The Credit Agreement also requires SES Holdings to maintain a fixed charge coverage ratio of at least 1.0 to 1.0 at any time availability under the Credit Agreement is less than the greater of (i) 10.0% of the lesser of (A) the maximum revolver amount and (B) the then-effective borrowing base and (ii) $15.0 million and continuing through and including the first day after such time that availability under the Credit Agreement has equaled or exceeded the greater of (i) 10.0% of the lesser of (A) the maximum revolver amount and (B) the then-effective borrowing base and (ii) $15.0 million for 60 consecutive calendar days.

We were in compliance with all debt covenants as of March 31, 2021.

Contractual Obligations

Our contractual obligations include, among other things, our Credit Agreement and operating leases. Refer to Note 6—Leases in our 2020 Form 10-K for operating lease obligations as of December 31, 2020 and Note 7—Debt in Part I, Item 1 of this Quarterly Report for an update to our Credit Agreement as of March 31, 2021.

Critical Accounting Policies and Estimates

There were no changes to our critical accounting policies from those disclosed in our 2020 Form 10-K.
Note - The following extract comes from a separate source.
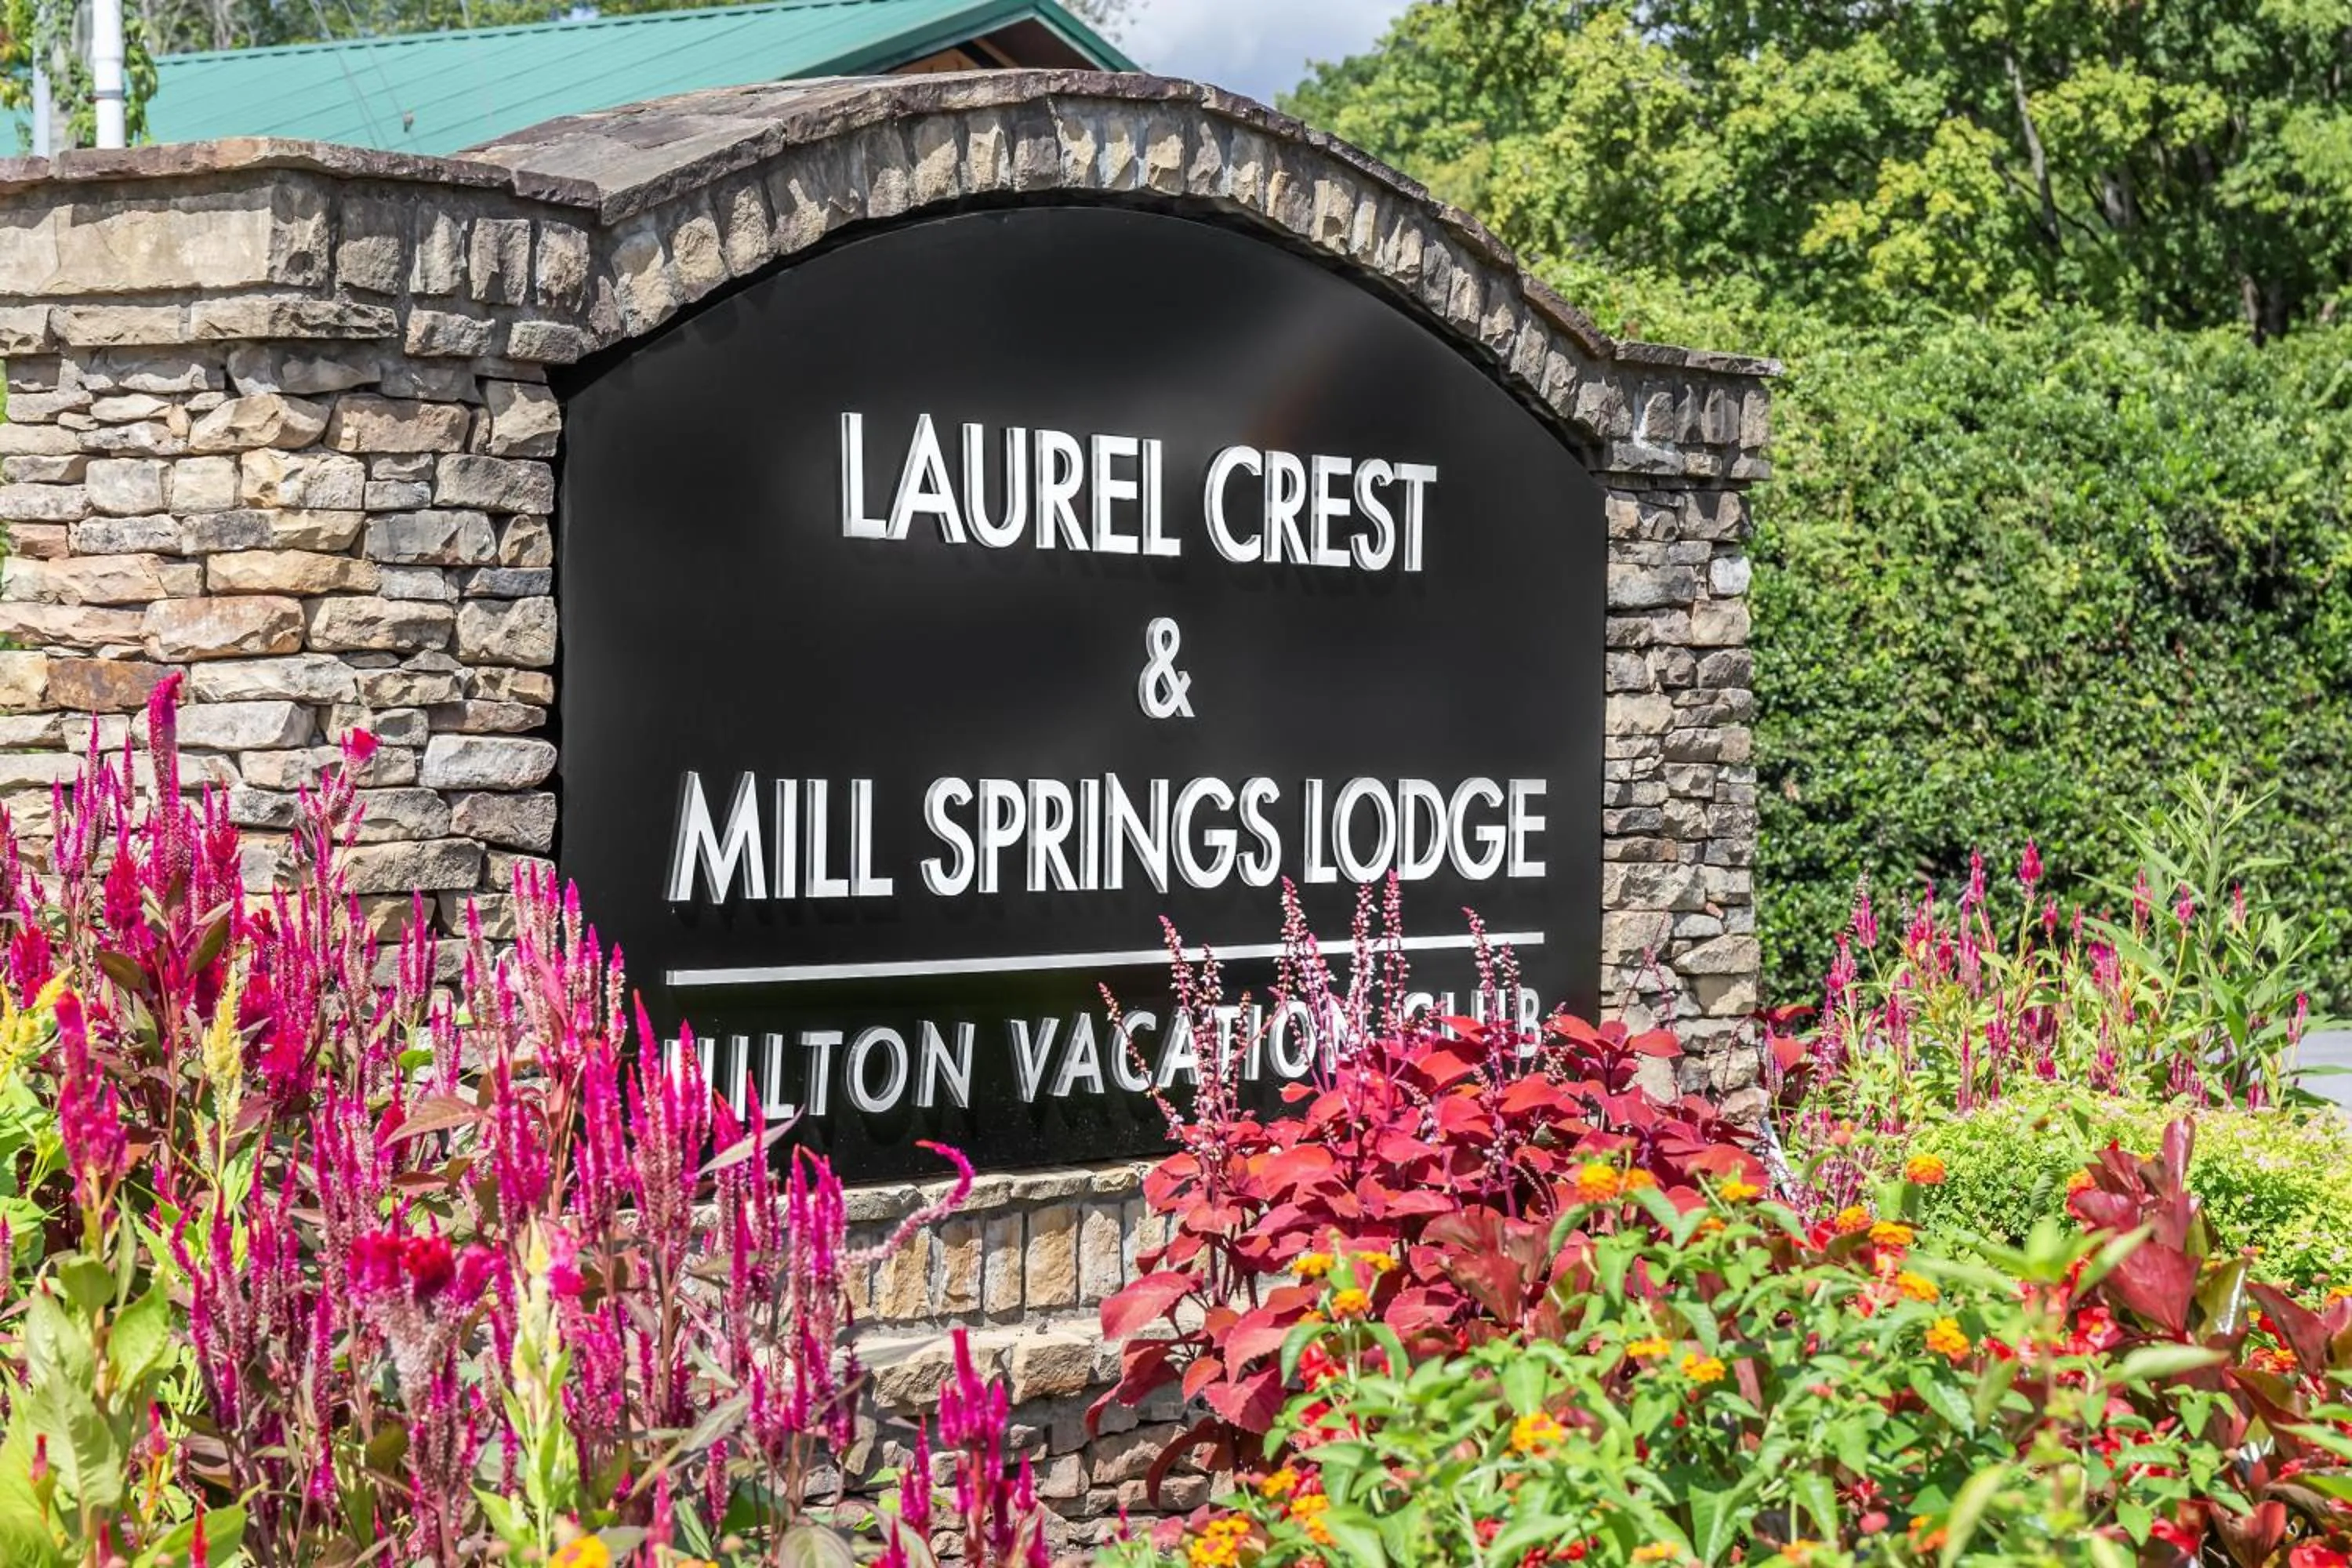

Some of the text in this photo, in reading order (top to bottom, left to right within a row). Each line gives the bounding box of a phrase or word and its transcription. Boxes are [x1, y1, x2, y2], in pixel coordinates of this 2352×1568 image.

[841, 412, 1437, 572] LAUREL CREST
[1138, 617, 1195, 718] &
[668, 771, 1547, 904] MILL SPRINGS LODGE
Recent Accounting Pronouncements

None.

Off-Balance-Sheet Arrangements

As of March 31, 2021, we had no material off-balance-sheet arrangements. As such, we are not exposed to any material financing, liquidity, market or credit risk that could arise if we had engaged in such financing arrangements.

48

Table of Contents

Item 3. Quantitative and Qualitative Disclosures about Market Risk

The demand, pricing and terms for oilfield services provided by us are largely dependent upon the level of drilling and completion activity in the U.S. oil and gas industry. The level of drilling and completion activity is influenced by numerous factors over which we have no control, including, but not limited to: global health events, including the COVID-19 pandemic; the supply of and demand for oil and gas; current price levels as well as expectations about future prices of oil and gas; the magnitude and timing of capital spending by our customers; the cost of exploring for, developing, producing and delivering oil and gas; the extent to which our E&P customers choose to drill and complete new wells to offset decline from their existing wells; the extent to which our E&P customers choose to invest to grow production; discoveries of new oil and gas reserves; available storage capacity and pipeline and other transportation capacity; weather conditions; domestic and worldwide economic conditions; political instability in oil-producing countries; environmental regulations; technical advances in alternative forms of energy (e.g. wind and solar electricity, electric vehicles) that encourage substitution for or displacement of oil and gas consumption in end-use markets; the price and availability of alternative fuels; the ability of oil and gas producers to raise equity capital and debt financing; merger and acquisition activity and consolidation in our industry, and other factors.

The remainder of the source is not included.